These 2 AZ Cities Rank in Top 10 Nationwide for Home Price Growth Over Past Decade

Property interest rate,finance loan increase.investment planning.business real estate.profit of banking.economy crisis effect of coronavirus outbreak.expenses of worker.top view

Home price growth rates in Phoenix and Mesa were among the 10 sharpest in the U.S. over the past decade, according to a recent report by PropertyShark.

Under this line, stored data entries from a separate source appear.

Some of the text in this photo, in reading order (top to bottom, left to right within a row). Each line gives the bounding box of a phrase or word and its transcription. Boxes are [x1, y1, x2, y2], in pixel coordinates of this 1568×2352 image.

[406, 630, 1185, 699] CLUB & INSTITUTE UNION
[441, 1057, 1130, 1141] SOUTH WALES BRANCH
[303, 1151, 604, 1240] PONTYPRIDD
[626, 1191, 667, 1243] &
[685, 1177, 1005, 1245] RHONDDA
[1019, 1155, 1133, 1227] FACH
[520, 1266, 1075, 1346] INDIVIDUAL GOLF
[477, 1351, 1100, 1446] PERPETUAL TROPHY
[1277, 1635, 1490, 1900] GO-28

Bookended by the 2008 crash and COVID-19, the decade between 2009 and 2019 was a transformative one for the real estate industry. Curious to see how the housing market had fared between the two most significant, yet wildly different economic downturns in history, PropertyShark analyzed residential sales across the U.S., putting the largest urban centers in the country into sharp focus. The report then identified homes that sold in both 2009 and 2019 to pinpoint the most accurate changes in home prices, taking inflation into account, in order to determine the best price ranges for home price appreciation over the past decade, and the best cities for homeownership and home value gains

Phoenix buyers fared third-best nationally, reselling their homes in 2019 at a 78% higher median resale price than a decade prior, which translated to $102,000 gain when adjusting for inflation.

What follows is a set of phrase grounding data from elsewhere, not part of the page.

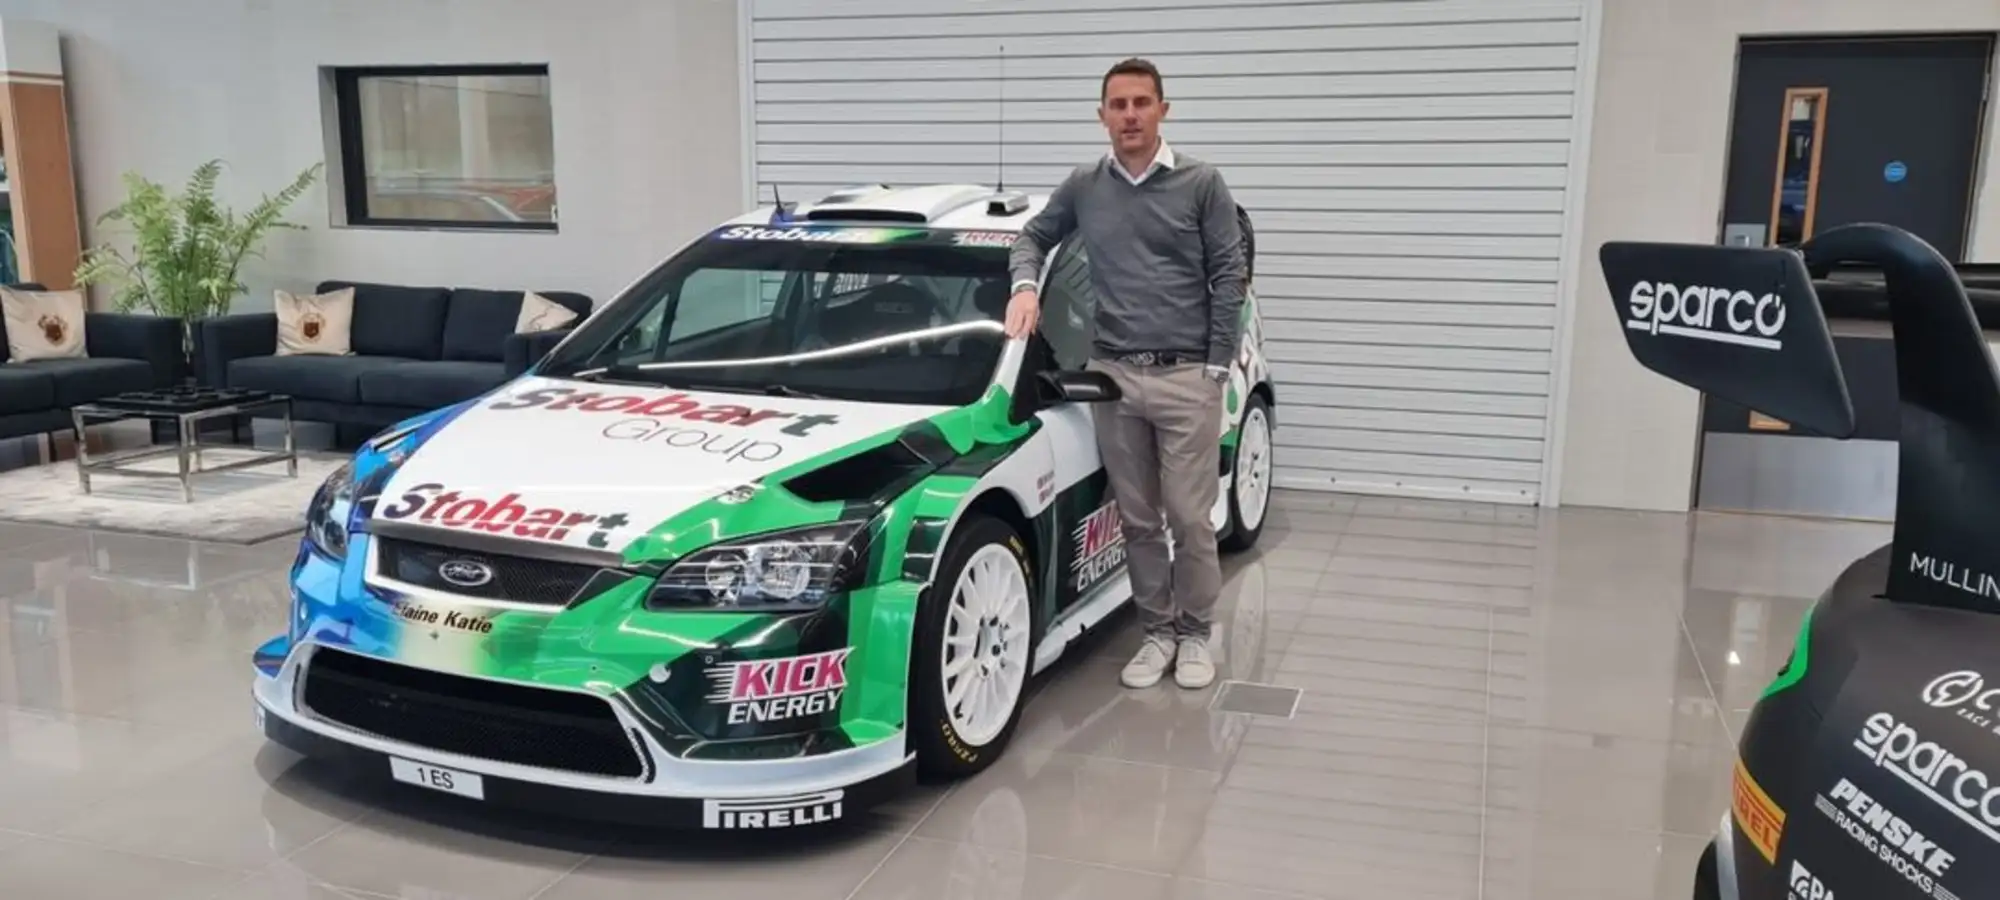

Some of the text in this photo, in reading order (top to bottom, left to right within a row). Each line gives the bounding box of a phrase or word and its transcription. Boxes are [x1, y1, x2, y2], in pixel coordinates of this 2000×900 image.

[1629, 280, 1786, 336] sparco
[489, 388, 839, 437] Stobart
[602, 418, 783, 463] Group
[383, 482, 629, 549] Stobart
[443, 610, 493, 634] Katie
[731, 651, 847, 699] KICK
[727, 689, 844, 725] ENERGY
[417, 767, 455, 790] 1 ES
[703, 788, 844, 829] PIRELLI
[1829, 777, 1956, 878] PENSKE
[1834, 810, 1878, 853] RACING
[1879, 844, 1933, 894] SHOCKS
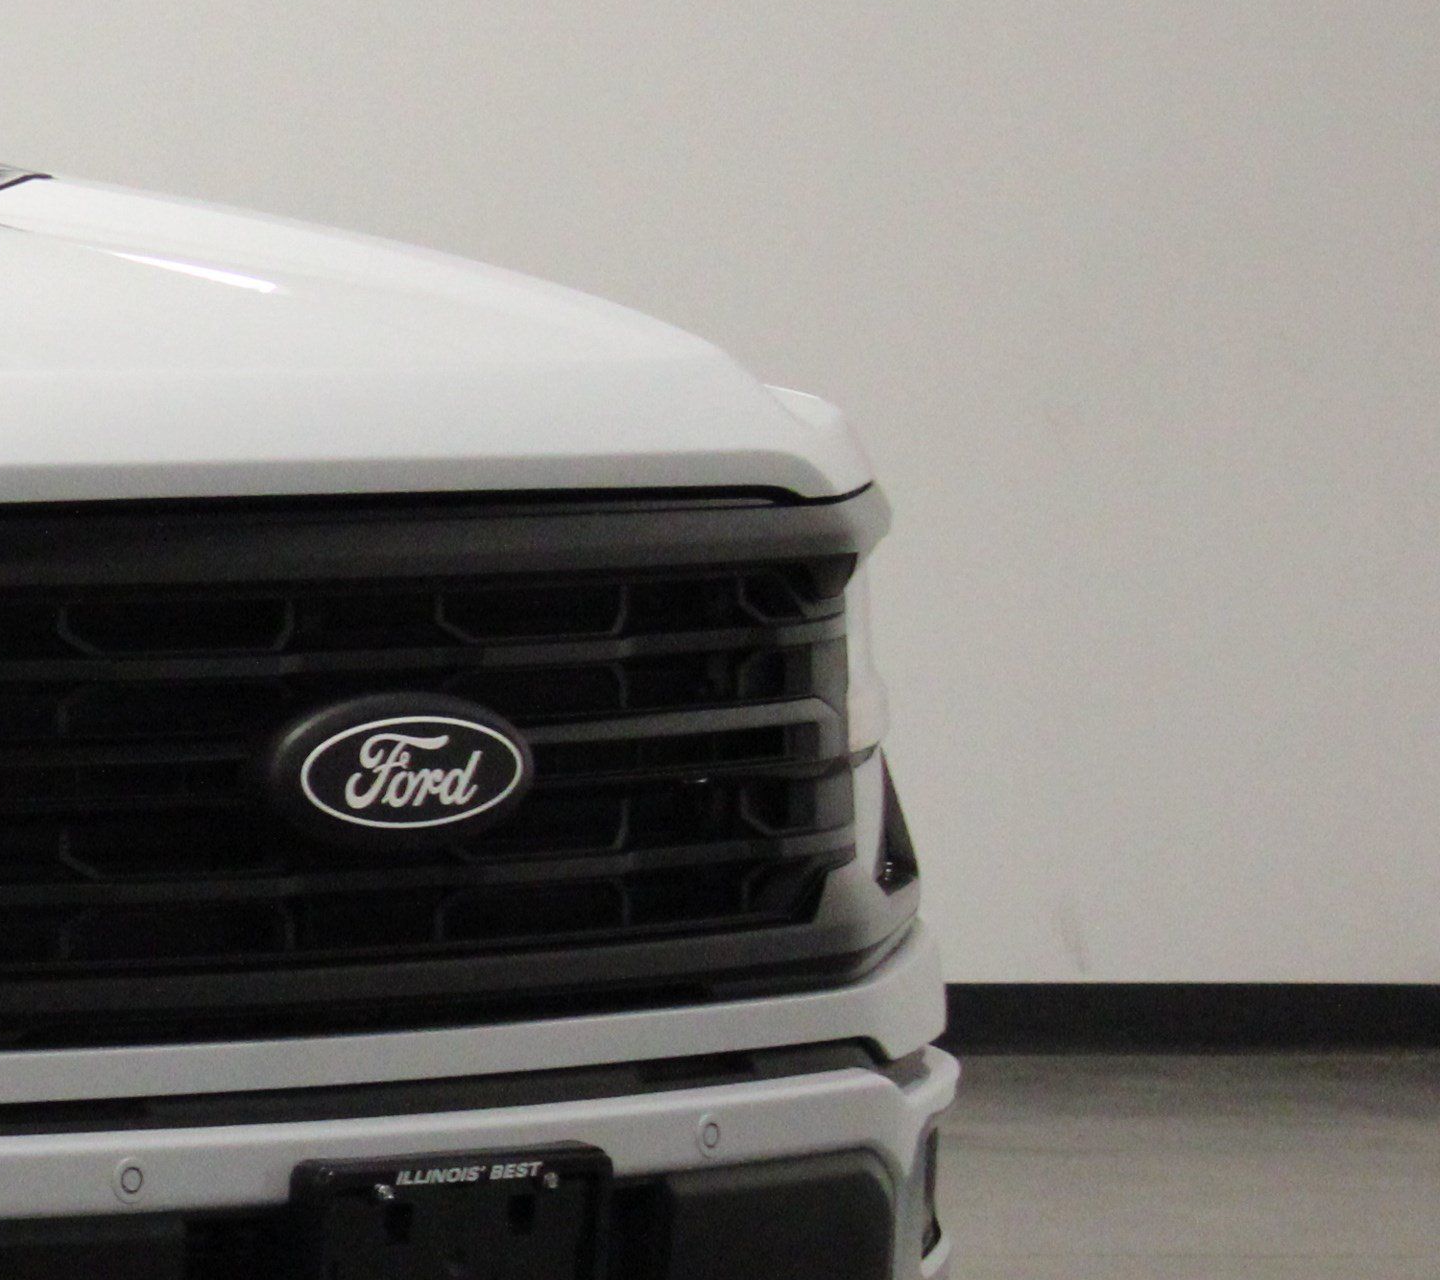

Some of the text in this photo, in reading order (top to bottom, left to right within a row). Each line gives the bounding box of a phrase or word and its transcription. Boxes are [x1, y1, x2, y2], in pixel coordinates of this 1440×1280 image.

[345, 732, 483, 809] Ford
[396, 1161, 542, 1186] ILLINOIS' BEST

Specifically, Phoenix’s 78% price surge netted $144,000 for owners who bought in 2009 and sold a decade later, making this city the third-best nationally for homeownership in the last decade. In fact, Arizona’s most important urban center recorded significant gains across all price ranges, fueled by a 149% increase for homes sold between $100,000 and $250,000. After adjusting for inflation, that surge netted Phoenix homeowners close to $120,000. At the same time, properties that sold between $1 million and $2 million did so with a 135% median resale price increase over 2009 levels, which translated into an inflation-adjusted gain of $604,000.

Mesa also proved the Sunbelt’s growing popularity, with its 58% increase placing it at #8 nationally for pricing gains. Here, too, price increases registered by homes sold between $100,000 and $250,000 fueled much of that increase, reselling for 85% more in 2019 tan they did a decade prior. They were joined by the 47% gain experienced by homes that resold in the $250,000 to $500,000 price range.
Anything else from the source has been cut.